[R] prcomp function

[kicker]

Hello,

I have a short question about the prcomp function. First I cite the
associated help page (help(prcomp)):

"Value:
...
SDEV the standard deviations of the principal components (i.e., the square
roots of the eigenvalues of the covariance/correlation matrix, though the
calculation is actually done with the singular values of the data matrix). 
ROTATION the matrix of variable loadings (i.e., a matrix whose columns
contain the eigenvectors). The function princomp returns this in the element
loadings. 
..."

Now please take a look at the following easy example:

first I  define a matrix A
>A<-matrix(c(0,1,4,1,0,3,4,3,0),3,3)
then I apply PCA on A
>trans<-prcomp(A,retx=T,center=F,scale.=F,tol=NULL) 

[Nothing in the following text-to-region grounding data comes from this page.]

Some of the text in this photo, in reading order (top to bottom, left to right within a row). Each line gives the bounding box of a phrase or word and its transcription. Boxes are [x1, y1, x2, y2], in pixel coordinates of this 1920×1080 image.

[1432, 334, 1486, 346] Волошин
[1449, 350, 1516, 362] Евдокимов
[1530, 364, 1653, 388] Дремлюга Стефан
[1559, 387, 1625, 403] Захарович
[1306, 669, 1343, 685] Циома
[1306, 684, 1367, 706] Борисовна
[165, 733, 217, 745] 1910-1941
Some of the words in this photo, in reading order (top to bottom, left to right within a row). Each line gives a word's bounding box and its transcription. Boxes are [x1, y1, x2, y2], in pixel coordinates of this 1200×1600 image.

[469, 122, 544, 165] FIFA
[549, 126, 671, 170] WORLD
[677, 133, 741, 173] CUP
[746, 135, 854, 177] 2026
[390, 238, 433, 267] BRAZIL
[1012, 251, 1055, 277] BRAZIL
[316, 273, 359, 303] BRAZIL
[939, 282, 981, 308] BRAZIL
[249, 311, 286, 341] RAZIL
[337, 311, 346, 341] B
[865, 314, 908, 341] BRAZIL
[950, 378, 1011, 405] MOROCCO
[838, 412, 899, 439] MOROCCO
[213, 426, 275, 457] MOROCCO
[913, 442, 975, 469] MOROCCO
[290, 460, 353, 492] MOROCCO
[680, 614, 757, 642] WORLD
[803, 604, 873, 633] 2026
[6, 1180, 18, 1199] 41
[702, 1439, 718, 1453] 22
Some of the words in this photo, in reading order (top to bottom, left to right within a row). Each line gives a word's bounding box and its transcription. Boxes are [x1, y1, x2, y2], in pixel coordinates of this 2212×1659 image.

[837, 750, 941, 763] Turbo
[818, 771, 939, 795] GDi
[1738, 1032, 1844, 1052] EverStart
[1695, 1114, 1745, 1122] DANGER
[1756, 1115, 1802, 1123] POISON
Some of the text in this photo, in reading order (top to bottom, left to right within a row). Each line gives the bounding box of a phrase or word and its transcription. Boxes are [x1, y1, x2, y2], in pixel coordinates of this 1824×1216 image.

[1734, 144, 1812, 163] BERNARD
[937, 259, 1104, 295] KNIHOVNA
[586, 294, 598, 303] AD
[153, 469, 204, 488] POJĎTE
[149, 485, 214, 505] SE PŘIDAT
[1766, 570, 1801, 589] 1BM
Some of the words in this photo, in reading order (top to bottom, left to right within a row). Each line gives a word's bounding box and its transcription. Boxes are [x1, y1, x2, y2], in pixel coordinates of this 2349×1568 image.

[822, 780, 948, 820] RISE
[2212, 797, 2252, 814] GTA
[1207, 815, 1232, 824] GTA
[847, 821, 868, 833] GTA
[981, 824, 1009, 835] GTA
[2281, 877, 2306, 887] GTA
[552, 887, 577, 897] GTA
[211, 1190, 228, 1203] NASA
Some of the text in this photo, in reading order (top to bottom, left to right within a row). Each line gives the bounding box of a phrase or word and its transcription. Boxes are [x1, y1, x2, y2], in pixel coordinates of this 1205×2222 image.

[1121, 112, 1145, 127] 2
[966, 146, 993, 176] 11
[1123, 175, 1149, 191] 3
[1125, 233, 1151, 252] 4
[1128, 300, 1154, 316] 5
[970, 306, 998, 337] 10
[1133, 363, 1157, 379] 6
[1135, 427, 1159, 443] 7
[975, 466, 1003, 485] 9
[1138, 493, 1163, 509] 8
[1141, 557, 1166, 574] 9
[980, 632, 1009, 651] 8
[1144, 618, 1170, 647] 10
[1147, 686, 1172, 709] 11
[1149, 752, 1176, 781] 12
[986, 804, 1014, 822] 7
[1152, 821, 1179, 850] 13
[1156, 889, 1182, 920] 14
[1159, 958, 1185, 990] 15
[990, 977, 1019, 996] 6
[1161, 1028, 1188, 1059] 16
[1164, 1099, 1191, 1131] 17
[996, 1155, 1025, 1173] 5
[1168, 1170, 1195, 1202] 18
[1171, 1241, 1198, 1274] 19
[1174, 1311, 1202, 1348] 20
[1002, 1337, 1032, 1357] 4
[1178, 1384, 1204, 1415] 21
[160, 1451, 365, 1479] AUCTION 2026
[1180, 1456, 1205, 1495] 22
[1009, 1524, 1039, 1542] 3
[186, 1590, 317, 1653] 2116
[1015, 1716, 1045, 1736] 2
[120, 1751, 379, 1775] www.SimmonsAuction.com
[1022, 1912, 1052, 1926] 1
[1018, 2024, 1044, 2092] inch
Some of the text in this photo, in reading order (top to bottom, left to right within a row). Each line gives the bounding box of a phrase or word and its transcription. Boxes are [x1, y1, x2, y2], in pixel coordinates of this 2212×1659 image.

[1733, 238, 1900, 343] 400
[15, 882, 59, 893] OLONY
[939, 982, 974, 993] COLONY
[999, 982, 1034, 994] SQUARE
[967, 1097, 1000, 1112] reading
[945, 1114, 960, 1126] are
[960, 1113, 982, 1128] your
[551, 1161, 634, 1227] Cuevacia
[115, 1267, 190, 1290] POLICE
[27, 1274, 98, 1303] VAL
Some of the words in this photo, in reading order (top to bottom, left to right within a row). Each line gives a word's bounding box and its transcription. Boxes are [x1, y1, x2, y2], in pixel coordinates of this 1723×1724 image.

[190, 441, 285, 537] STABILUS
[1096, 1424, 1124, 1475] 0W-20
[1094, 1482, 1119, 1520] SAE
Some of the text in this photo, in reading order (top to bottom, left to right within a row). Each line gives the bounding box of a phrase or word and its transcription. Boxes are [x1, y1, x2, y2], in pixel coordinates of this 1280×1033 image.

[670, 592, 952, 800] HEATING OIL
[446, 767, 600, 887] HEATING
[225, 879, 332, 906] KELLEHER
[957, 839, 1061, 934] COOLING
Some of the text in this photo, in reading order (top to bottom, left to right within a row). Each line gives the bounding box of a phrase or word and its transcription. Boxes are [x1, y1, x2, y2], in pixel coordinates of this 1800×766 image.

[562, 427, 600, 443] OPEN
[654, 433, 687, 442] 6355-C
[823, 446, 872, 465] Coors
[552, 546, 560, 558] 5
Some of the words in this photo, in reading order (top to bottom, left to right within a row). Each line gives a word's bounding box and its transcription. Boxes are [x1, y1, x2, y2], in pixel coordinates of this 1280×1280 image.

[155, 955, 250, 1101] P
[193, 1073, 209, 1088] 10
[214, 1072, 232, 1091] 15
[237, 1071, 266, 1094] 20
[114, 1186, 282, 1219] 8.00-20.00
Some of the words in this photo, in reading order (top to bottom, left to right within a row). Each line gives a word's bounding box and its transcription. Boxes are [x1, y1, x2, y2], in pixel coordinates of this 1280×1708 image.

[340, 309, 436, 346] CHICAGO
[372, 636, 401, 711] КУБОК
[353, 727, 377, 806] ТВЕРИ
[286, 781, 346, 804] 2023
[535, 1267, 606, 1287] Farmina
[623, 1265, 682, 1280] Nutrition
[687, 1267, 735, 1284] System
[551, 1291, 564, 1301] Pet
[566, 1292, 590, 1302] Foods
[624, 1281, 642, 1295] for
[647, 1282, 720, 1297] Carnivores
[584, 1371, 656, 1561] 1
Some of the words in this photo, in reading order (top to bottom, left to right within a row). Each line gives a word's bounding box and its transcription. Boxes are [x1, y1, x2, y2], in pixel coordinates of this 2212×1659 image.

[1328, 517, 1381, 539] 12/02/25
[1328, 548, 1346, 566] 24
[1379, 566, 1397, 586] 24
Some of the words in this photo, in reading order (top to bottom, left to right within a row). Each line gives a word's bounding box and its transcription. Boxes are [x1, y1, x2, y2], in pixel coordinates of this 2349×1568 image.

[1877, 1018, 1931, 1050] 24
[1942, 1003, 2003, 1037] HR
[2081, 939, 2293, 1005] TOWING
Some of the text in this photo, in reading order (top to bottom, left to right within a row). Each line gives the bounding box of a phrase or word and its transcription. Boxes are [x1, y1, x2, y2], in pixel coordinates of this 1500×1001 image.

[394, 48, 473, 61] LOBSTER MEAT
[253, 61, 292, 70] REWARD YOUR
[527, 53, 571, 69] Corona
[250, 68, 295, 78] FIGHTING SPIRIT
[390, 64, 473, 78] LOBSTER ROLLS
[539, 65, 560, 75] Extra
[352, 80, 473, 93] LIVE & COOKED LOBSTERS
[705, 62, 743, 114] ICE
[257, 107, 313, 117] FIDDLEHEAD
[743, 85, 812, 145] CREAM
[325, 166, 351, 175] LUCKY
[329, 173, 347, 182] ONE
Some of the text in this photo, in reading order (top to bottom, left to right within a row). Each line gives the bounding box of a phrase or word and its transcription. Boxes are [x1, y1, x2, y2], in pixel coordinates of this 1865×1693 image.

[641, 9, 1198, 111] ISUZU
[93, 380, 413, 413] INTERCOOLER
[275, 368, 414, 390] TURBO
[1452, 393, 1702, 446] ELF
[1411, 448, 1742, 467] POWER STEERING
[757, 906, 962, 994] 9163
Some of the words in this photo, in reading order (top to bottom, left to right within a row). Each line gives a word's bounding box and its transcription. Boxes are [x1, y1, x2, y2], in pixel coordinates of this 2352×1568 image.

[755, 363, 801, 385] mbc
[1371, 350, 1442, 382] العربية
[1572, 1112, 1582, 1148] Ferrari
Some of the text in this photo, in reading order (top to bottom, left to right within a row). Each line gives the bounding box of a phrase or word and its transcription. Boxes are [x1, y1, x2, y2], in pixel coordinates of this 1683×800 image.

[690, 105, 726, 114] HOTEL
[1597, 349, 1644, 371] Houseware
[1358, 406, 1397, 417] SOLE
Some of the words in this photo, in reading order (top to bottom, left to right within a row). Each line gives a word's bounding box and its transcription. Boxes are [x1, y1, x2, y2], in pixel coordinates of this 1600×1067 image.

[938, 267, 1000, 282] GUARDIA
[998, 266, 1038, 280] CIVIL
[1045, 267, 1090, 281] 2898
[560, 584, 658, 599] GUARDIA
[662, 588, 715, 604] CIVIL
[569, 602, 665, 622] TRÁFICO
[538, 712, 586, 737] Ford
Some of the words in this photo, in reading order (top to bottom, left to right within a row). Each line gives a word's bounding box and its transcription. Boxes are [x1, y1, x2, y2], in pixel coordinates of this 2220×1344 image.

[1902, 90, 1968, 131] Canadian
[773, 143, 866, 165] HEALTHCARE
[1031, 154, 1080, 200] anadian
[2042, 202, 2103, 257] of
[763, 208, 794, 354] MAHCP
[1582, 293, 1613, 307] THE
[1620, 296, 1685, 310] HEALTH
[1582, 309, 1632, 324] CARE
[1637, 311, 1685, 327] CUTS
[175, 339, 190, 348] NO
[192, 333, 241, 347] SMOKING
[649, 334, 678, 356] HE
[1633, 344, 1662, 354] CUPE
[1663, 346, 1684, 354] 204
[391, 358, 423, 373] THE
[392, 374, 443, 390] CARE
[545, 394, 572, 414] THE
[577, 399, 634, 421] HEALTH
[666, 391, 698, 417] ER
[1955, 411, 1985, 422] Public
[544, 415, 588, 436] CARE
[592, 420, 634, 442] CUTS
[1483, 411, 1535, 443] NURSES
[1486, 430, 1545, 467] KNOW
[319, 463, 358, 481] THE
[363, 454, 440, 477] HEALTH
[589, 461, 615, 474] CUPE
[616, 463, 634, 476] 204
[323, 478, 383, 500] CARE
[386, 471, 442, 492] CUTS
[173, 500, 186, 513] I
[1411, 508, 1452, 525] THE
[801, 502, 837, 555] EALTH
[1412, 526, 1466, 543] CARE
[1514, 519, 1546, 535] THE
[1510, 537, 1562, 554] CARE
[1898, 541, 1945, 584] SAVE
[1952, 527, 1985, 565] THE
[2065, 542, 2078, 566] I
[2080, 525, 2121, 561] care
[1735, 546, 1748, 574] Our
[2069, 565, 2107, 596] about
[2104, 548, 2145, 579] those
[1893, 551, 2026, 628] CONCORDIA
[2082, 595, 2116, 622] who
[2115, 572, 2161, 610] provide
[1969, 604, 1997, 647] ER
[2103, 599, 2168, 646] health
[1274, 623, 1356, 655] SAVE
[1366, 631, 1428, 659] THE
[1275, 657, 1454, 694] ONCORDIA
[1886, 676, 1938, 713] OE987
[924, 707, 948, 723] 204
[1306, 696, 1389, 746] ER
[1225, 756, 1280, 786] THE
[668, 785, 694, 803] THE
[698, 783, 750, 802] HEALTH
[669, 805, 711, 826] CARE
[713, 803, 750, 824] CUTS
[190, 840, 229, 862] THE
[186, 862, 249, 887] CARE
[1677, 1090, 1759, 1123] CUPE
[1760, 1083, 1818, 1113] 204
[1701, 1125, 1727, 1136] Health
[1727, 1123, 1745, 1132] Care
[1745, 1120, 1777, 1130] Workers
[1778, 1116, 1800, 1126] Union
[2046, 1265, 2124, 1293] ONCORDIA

>eval<-trans$sdev*trans$sdev #eval is the vector of the eigenvalues of
cov(A) (according to the cited help text above)
>evec<-trans$rotation #evec is the matrix with the eigenvectors of cov(A) as
columns  (according to the cited help text above)

now the eigenvalue equation should be valid, i.e. it should hold
cov(A)%*%ev[,1]=ew[1]*ev[,1]. But it doesn´t, my result:
cov(A)%*%ev[,1]= t(-0.8244927, -0.8325664,0.8244927)
ew[1]*ev[,1]=t(-8.695427,-7.129314,-10.194816)

So my question is : why does the eigenvalue equation not hold ? 

The eigenvalue equation holds when I set center=T in the options of the
prcomp function. But as far as I know and as I understand the help text it
should have no influence on the eigenvalue equation whether the data are
centered or not. I know about the advantages of centered date but I want to
understand how the prcomp function works in the case of uncentered data.

Thank you very much for your efforts.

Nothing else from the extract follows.